== Listed records ==
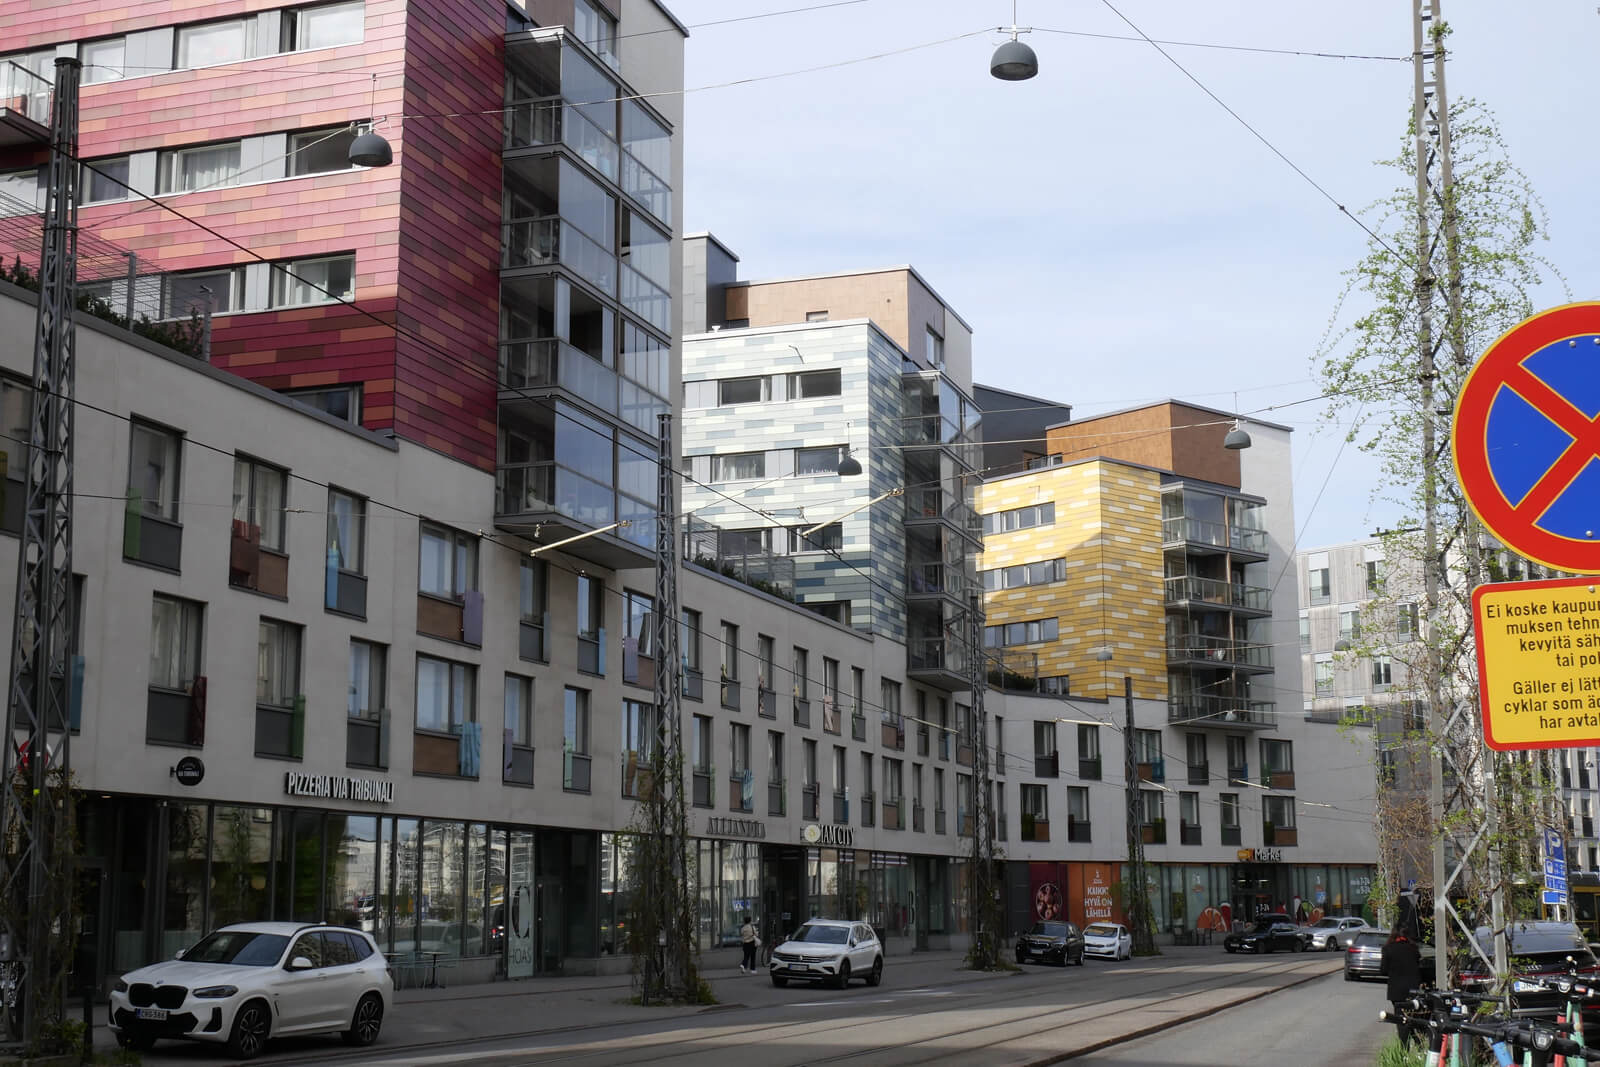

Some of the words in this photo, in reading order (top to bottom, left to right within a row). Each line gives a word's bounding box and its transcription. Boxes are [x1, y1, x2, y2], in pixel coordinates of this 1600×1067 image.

[1487, 604, 1501, 618] Ei
[1505, 602, 1547, 617] koske
[1506, 620, 1563, 635] muksen
[1568, 616, 1600, 630] tehn
[1519, 635, 1571, 652] kevyitä
[1556, 653, 1574, 667] tai
[1513, 679, 1556, 695] Gäller
[1561, 678, 1574, 694] ej
[1504, 698, 1547, 715] cyklar
[1552, 699, 1583, 711] som
[1539, 715, 1563, 729] har
[287, 772, 331, 797] PIZZERIA
[332, 776, 348, 799] VIA
[350, 778, 395, 803] TRIBUNALI
[1547, 830, 1561, 857] P
[1254, 847, 1282, 862] Marke

== Task instructions ==
Please give the entries above again exactly as written, leaving out any pictures.

== Reply ==
Some of the words in this photo, in reading order (top to bottom, left to right within a row). Each line gives a word's bounding box and its transcription. Boxes are [x1, y1, x2, y2], in pixel coordinates of this 1600×1067 image.

[1487, 604, 1501, 618] Ei
[1505, 602, 1547, 617] koske
[1506, 620, 1563, 635] muksen
[1568, 616, 1600, 630] tehn
[1519, 635, 1571, 652] kevyitä
[1556, 653, 1574, 667] tai
[1513, 679, 1556, 695] Gäller
[1561, 678, 1574, 694] ej
[1504, 698, 1547, 715] cyklar
[1552, 699, 1583, 711] som
[1539, 715, 1563, 729] har
[287, 772, 331, 797] PIZZERIA
[332, 776, 348, 799] VIA
[350, 778, 395, 803] TRIBUNALI
[1547, 830, 1561, 857] P
[1254, 847, 1282, 862] Marke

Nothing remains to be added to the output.